The night is not quiet as they sometimes say, all of my windows are open and I can hear the sound of the insects buzzing, chirping and vibrating.  It is music.  For some reason I am transported to Hillsdale.  I fly over the valley and to the house on the hill.  I find myself in the dark room with the high windows, worn white crocheted lady pillowcase under my head, a hudson bay wool blanket on the bed even in summer and the carefully folded down bedspread. The picture of Jesus with a palm behind it watching over me above the desk at the other end of the room. The lingering smells and memories of cigarettes, Yardley’s English Lavendar, coffee, Seagram’s 7, gingerale, Bugles, buttermilk pancakes, boiler piped heating and cooked venison fill my senses.  And as these smells return to me, so too does the smell of the tool shed up behind the house.  The ambrosia smell of who knows what, but so distinctive.  A smell I have discussed with my brother at length.  Hops oil, lemon oil and citronella, the distinctive smell of deer, some other smells we could not name.  Behind the house, acres and acres of meadowed farm land, mountains, woods, stone walls and a creek, shallow enough to play in, deep enough to make it real, and water so clear.  I sigh in the night as I recall all of this.  A place that for me is the perfection of childhood.

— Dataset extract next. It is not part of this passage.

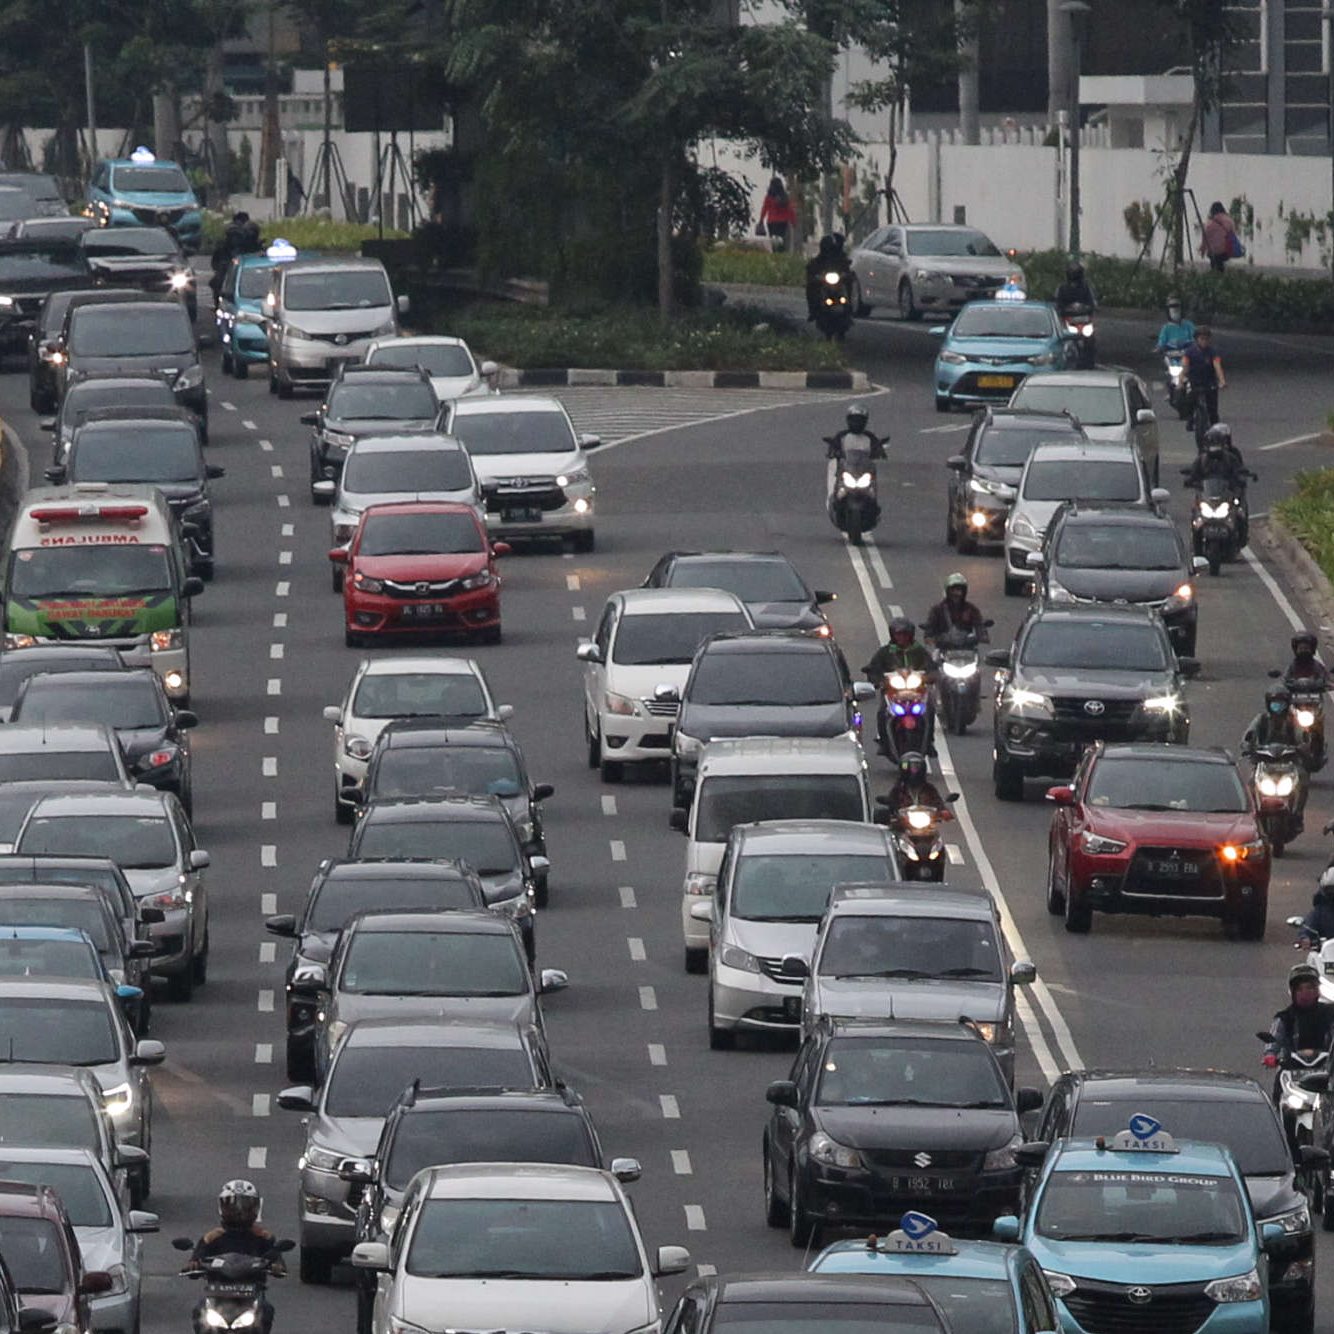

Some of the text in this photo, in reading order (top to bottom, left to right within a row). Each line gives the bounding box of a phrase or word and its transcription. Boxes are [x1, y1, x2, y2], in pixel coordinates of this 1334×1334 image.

[1123, 1139, 1166, 1150] TAKSI
[1093, 1173, 1219, 1187] BLUE BIRD GROUP
[896, 1239, 943, 1250] TAKSI
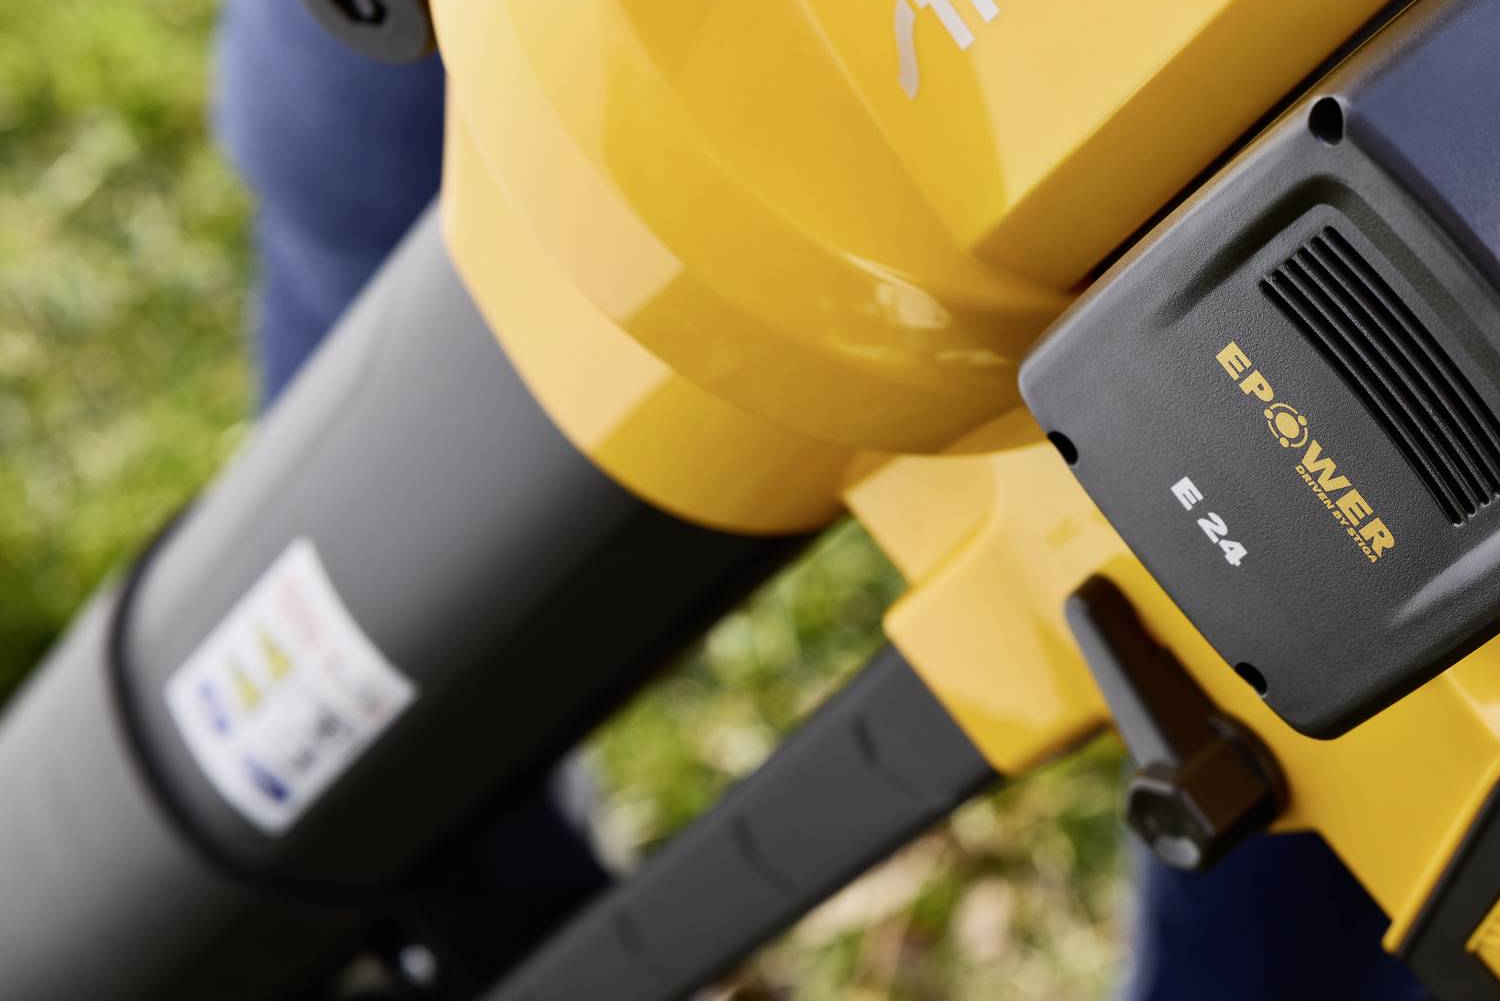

What place could offer such perfection for me now?  I can think of none, perhaps in my older persons way it is Clark Reservation.  But certainly I am not building dams and I don’t see flocks of turkeys, nor deer very often and there is no old abandoned garbage dump to pick through pulling up old pottery and glass bottles and bits of metal.  A future archaeologists dream.  And I am not being chased by mad cows as I scramble to get under the barbed wire where it passes over the creek.  In a Far Side cartoon kind of way I think that cow must have spent her whole life telling the story about how kicking up her heels and curving her tail up behind her she chased the human girl across the field.  Like my stories of the men I have dated in the last two years, keeping everyone in stitches as I recount the hilarity and farcical nature of the adventure, I see the cow telling her story of that day to all new calves.  I can see that cow in her old age, standing at a stanchion and turning to her best friend in the stanchion beside her and saying in a droll voice, remember that one evening when the grass tasted so sweet and that human girl walked into the field and I decided to have a go at her?  And the cow next to her starting to giggle.  She could not get under that barbed wire fast enough, and then she slipped in the creek and nearly took a dip.  And then she stood at the fence and stuck her tongue out at me!

This is one of my treasures.  That if I could box it and give it as a gift to God, like the small angel in the story The Littlest Angel, I would do so.  It is one of the grandest treasures I own.  More special than any shining bauble.